I want to talk about hope and about freedom the way I imagined it in my rock-n-roll infused youth behind the iron curtain. Before I do, let me serve up two contrasting quotes about hope. Here’s Anne Frank:
“It's really a wonder that I haven't dropped all my ideals, because they seem so absurd and impossible to carry out. Yet I keep them, because in spite of everything, I still believe that people are really good at heart.”
And here is Field Chaplain Otto Katz, one of the funniest characters from Jaroslav Hasek’s epic novel “The Good Soldier Svejk”:
“Of course, worthy sir, allow me to repeat once more, that the word “hope” is a great strength to man in his struggle with life. And you don’t lose hope. How wonderful it is to have a definite ideal, to be an innocent, pure being, who lends money on bills of exchange and has the hope he will be paid back at the right time. To hope, to hope unremittingly that I shall pay you twelve hundred crowns, when I haven’t even a hundred in my pocket!”
Katz then kicks the creditor down the stairs from his apartment
The Czech nation has always been much better at the second kind of hope: believing hope is a lovely, pure sentiment but something that never works out in the real world. Their history has confirmed the correctness of their belief time and time again. Pushed from the west by the Germans and from the East by Russians, occasionally by the Swedes from the North and the Hungarians from the South East, hoping for anything resembling freedom was regarded as folly. Nihilism has proved to be the healthier attitude: one never got disappointed. Czechs often repeat a quote attributed to Hasek, though I have never found it in his book in this precise form: “Keep calm and keep your feet warm” Czechs didn’t ask if the new ruler, whether he spoke German or Russian, would be more lenient than the previous ruler. They asked a more important question: “Will the beer still flow freely and will be affordable?” If the answer was yes, and it always was, the great majority of the nation was satisfied.

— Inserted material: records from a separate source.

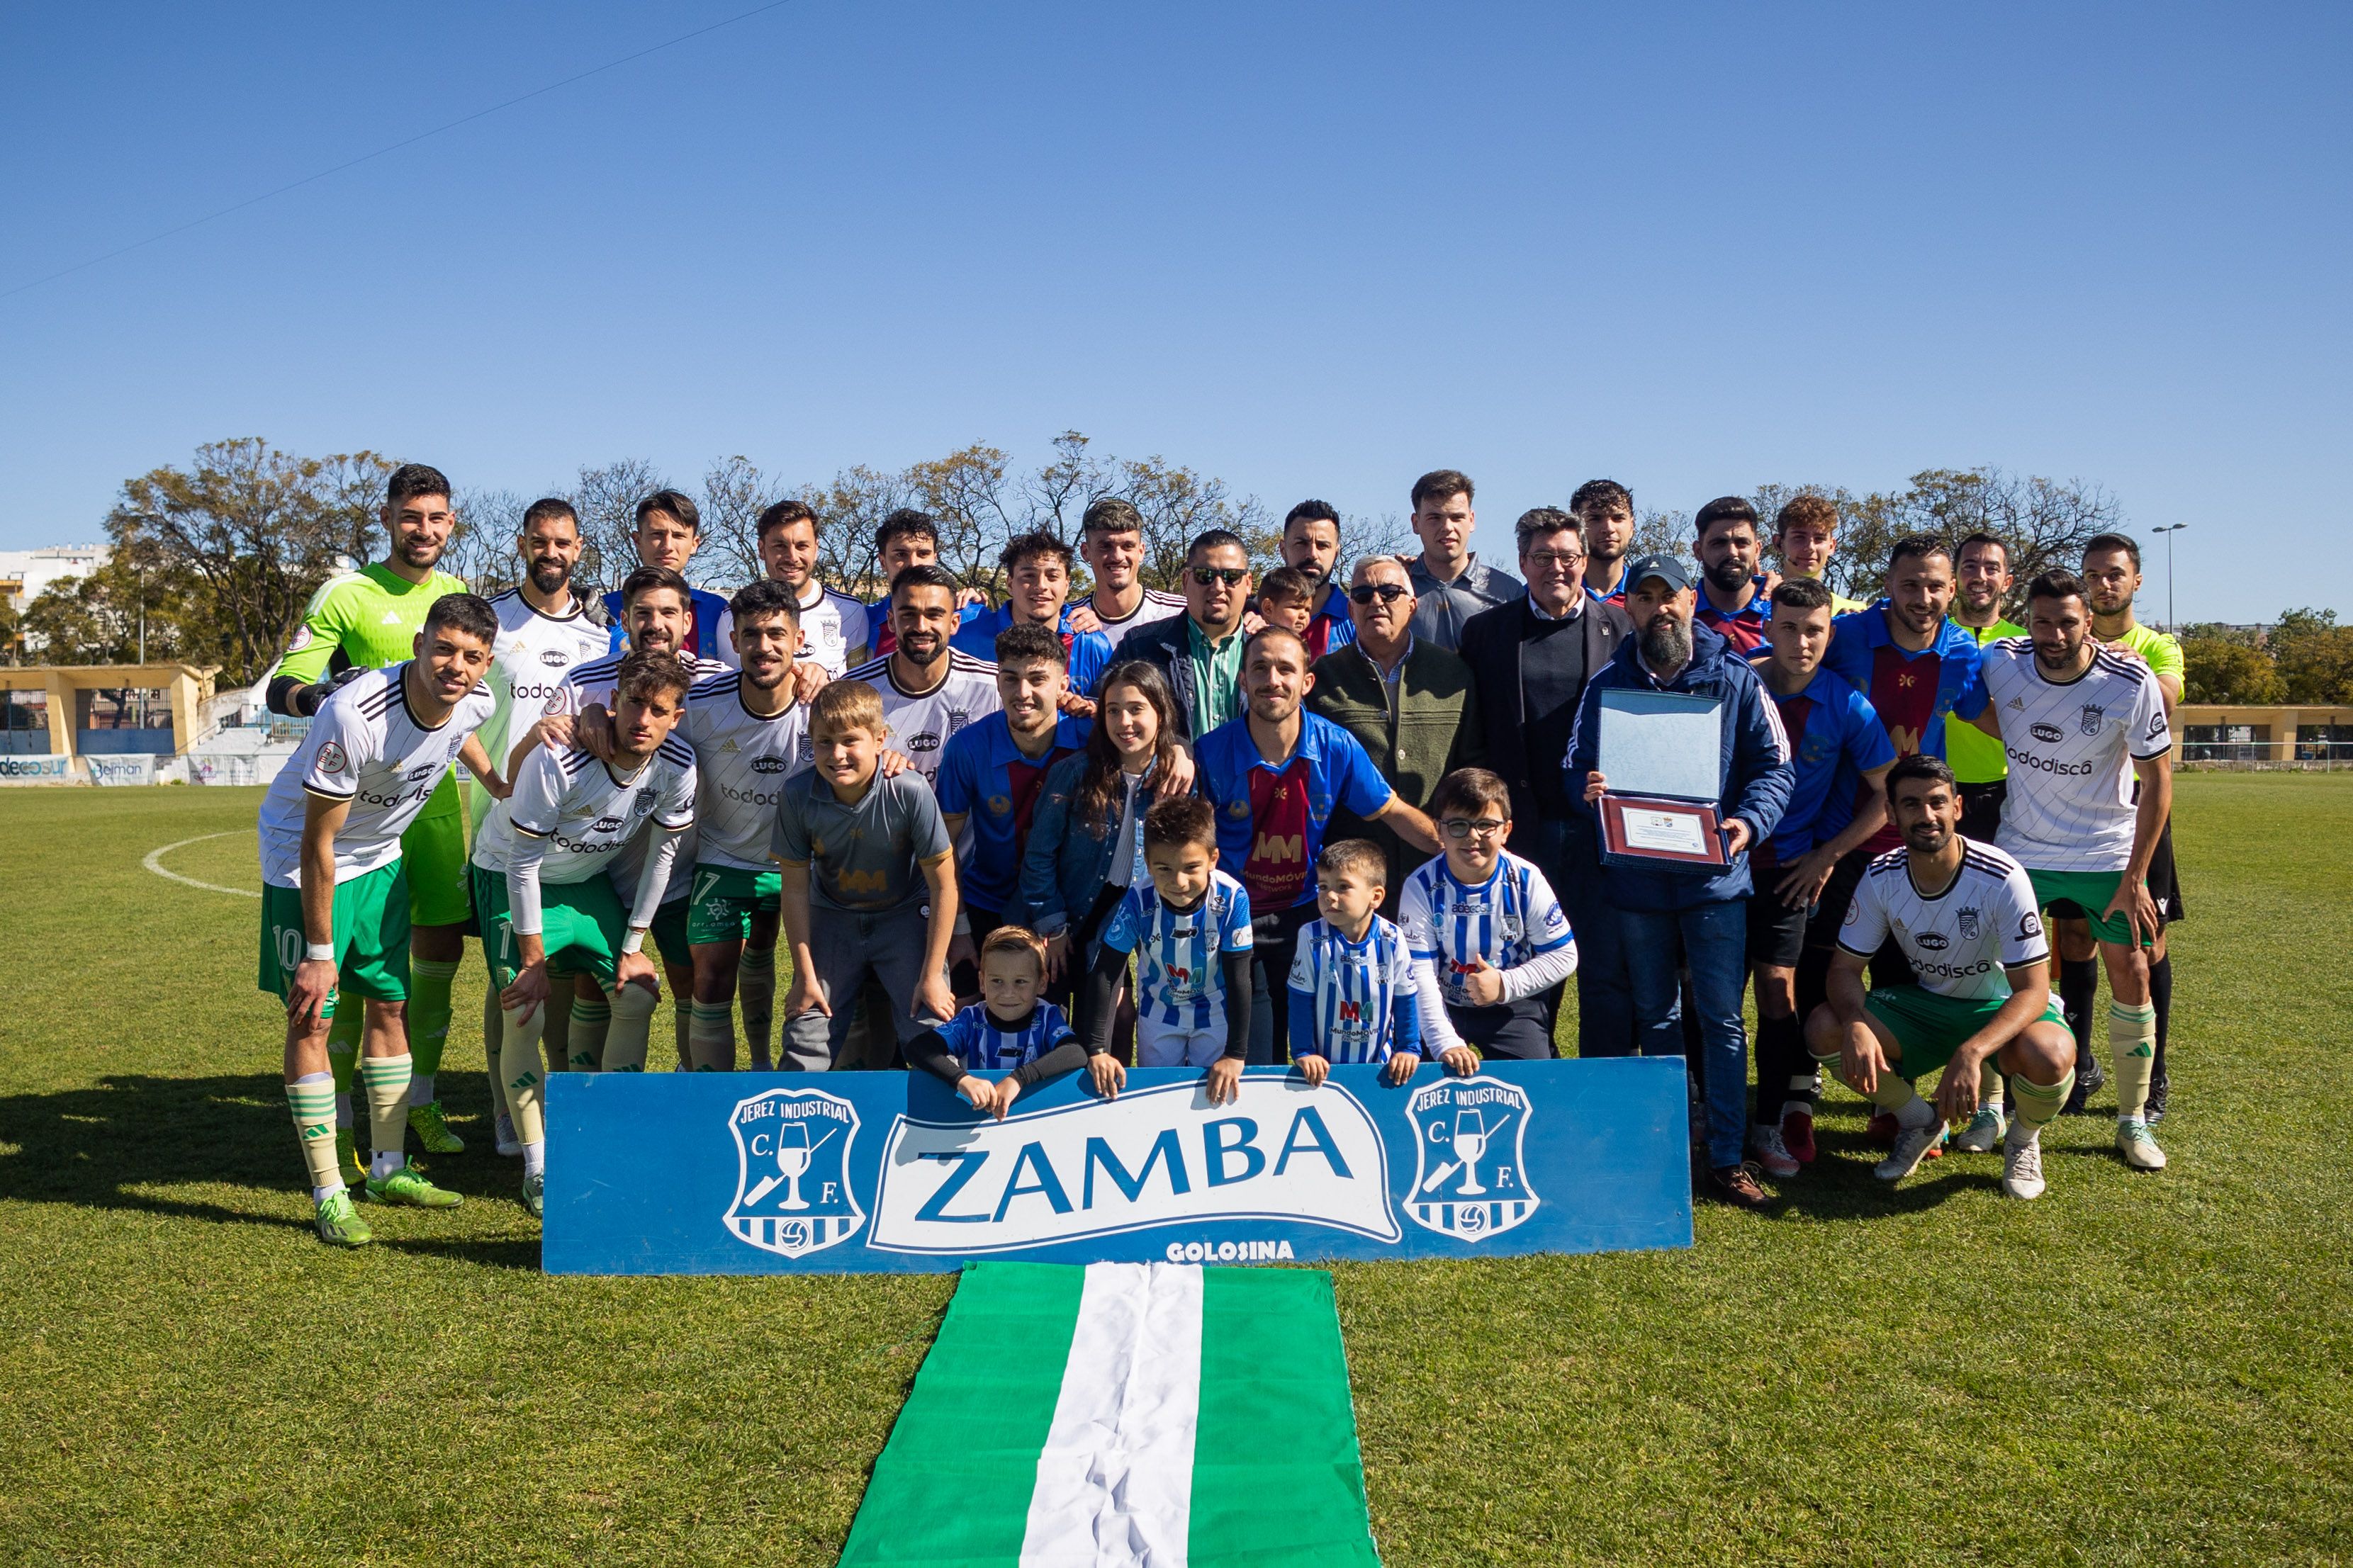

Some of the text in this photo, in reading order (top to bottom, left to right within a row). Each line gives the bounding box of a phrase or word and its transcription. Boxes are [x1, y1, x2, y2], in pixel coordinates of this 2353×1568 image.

[540, 655, 568, 664] LUGO
[909, 739, 938, 749] LUGO
[2031, 728, 2062, 740] LUGO
[753, 762, 785, 771] LUGO
[690, 871, 721, 905] 17
[272, 925, 302, 971] 10
[1916, 938, 1948, 947] LUGO
[1340, 1000, 1374, 1022] MM
[1417, 1088, 1522, 1112] JEREZ INDUSTRIAL
[741, 1100, 849, 1124] JEREZ INDUSTRIAL
[1428, 1121, 1450, 1143] C.
[751, 1134, 773, 1156] C.
[914, 1105, 1354, 1223] ZAMBA
[1495, 1167, 1514, 1188] F.
[820, 1182, 838, 1204] F.
[1167, 1241, 1294, 1261] GOLOSINA
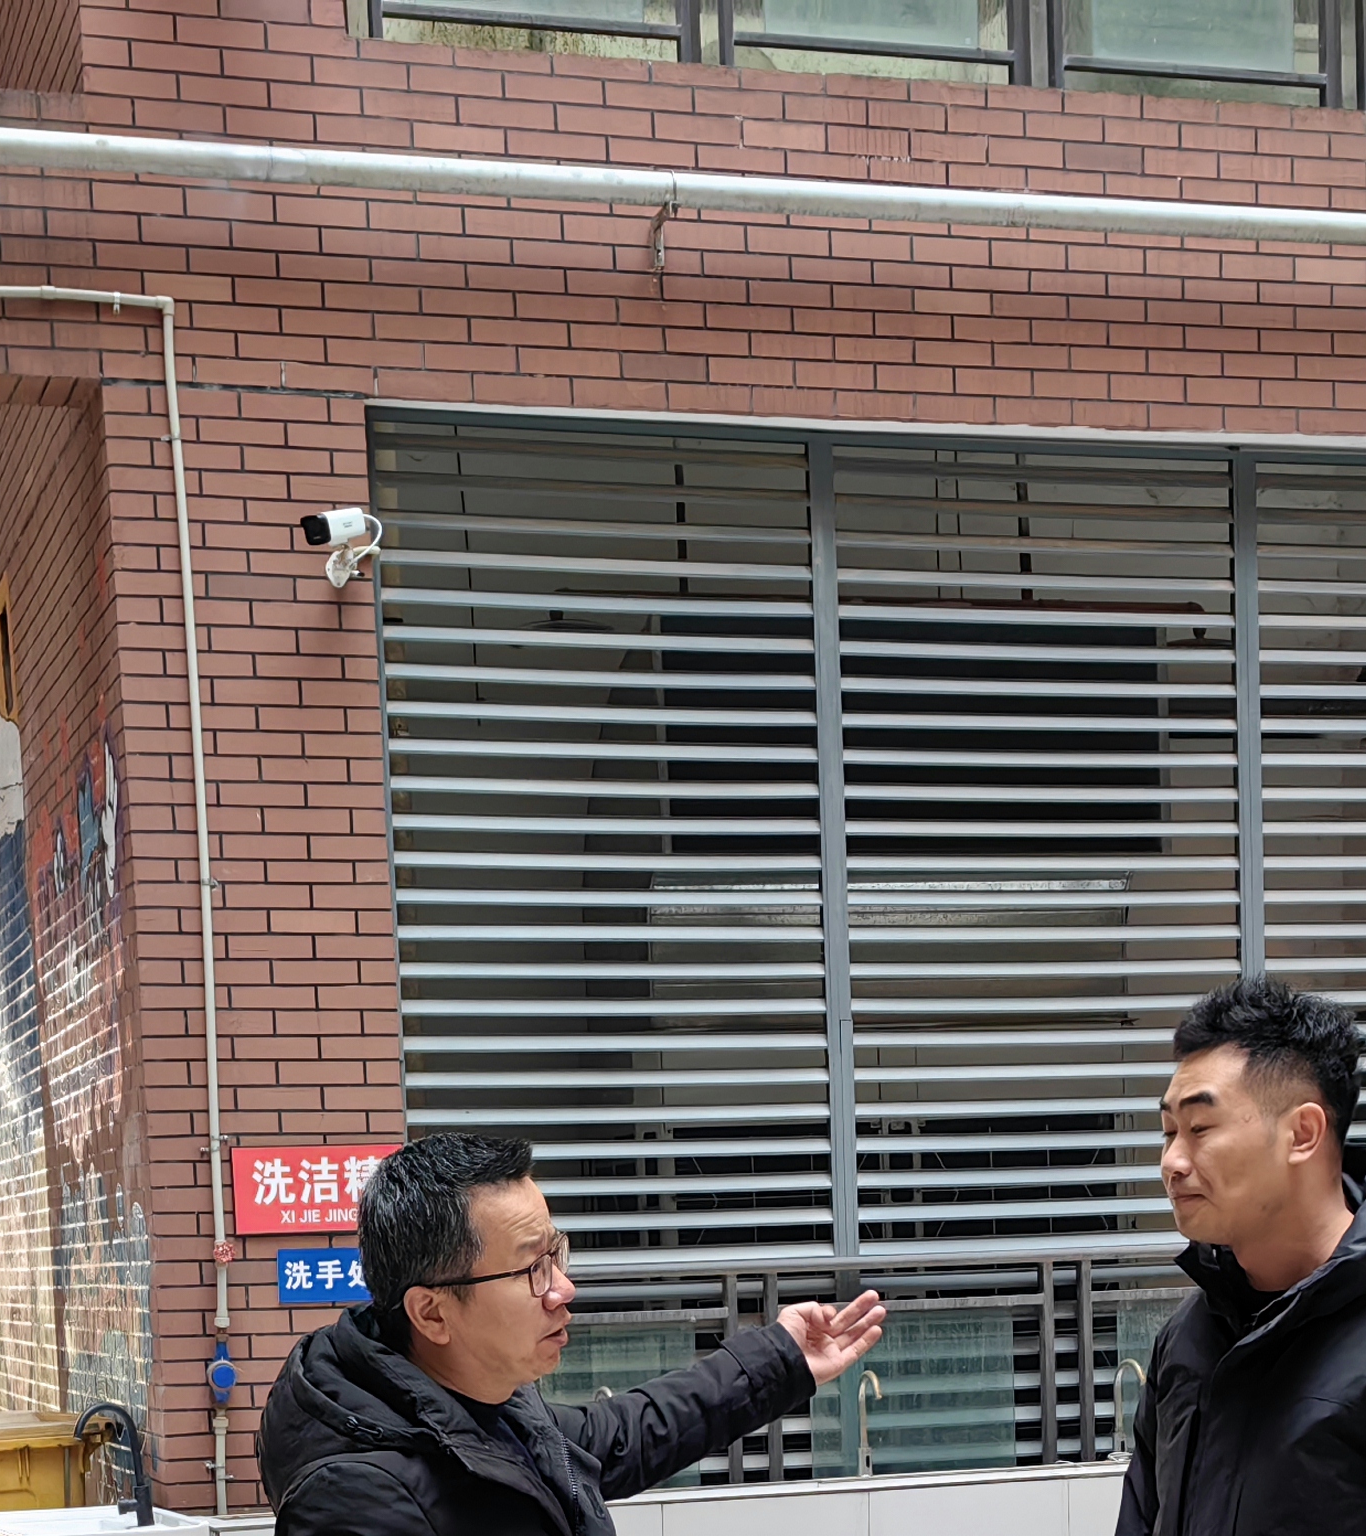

And then came 1967 and 1968. Voices were heard on TV and radio that did not sound stilted and that did not repeat tired phrases (“The Soviet Union - our model”) Western “decadent” music filled the airwaves. There was talk of modernizing the economy, allowing small private businesses to operate and then later, in January 1968, the leadership changed and the floodgates fully opened. Foreign travel - unrestricted. Free press - unrestricted. Free gatherings - unrestricted. And suddenly, the nihilism of ages washed away like spring rains sweeping away dirty snow. People actually hoped. They hoped the Anne Frank type hope, not the jaded, mocking Otto Katz hope. My own hopes and plans were enormous: I was going to be the Czech John Lennon…or Bob Dylan…or at least Mick Jagger!
The hope and the elation lasted until August 21, 1968 when Moscow got tired of the Czech liberty mosquito biting the Soviet corpus and crushed the liberation in one fell swoop. Within less than a year, the important thing once again was to “keep calm, keep your feet warm and keep the beer flowing” and Czech simply reverted to the old truth pertaining while living under a heavy boot: hope is for losers.
And that, my dear friends, is a little bit the way I feel now. Having seen the abject surrender of the American people in the last three years - surrender to Public Health mandarins, surrender to trans activism, surrender to politicized judges drunk on power, just a complete surrender of the values that attracted me to this country as far back as the 1960 and finally helped me decide to settle here at the age of 59, my own sense of hope now resembles that of the good old field chaplain.
BUT
On the other hand, I never forget the words f the brilliant Vaclav Havel (btw: pronounced “Vahtzlav”), first President of democratic Czechoslovakia after the fall of Communism, as well as a wonderful playwright and philosopher:
”The salvation of this human world lies nowhere else than in the human heart, in the human power to reflect, in human meekness and human responsibility”
and
“Even a purely moral act that has no hope of any immediate and visible political effect can gradually and indirectly, over time, gain in political significance”
When I was in the fifth grade our teacher Mr Owen got really serious one day and out of the blue told us we had a choice to make, we could chose to be an optimist or choose to be a pessimist, he explained the difference and I remember thinking, “I’m going to choose to be an optimist!” Sixty years later I have to say it’s been hard to follow my little fifth grader heart especially after observing the cowardice of half of America with their response to Covid and vaccines, the craven greed of the pharmaceutical companies and the moronic politicians on the left. But I’m still CHOOSING to believe “that people are really good at heart” I don’t want to live life as a pessimist!
"Yet I keep them, because in spite of everything, I still believe that people are really good at heart.” Anne Frank
Yet, the disappointment you (and I) felt when the boomer generation's hope dissolved into power plays, money corruption, and irresponsible dreams of free love proved yet again, mankind is desperately wicked, hopelessly irredeemable.
People are not really good at heart. We are despicable, given the chance.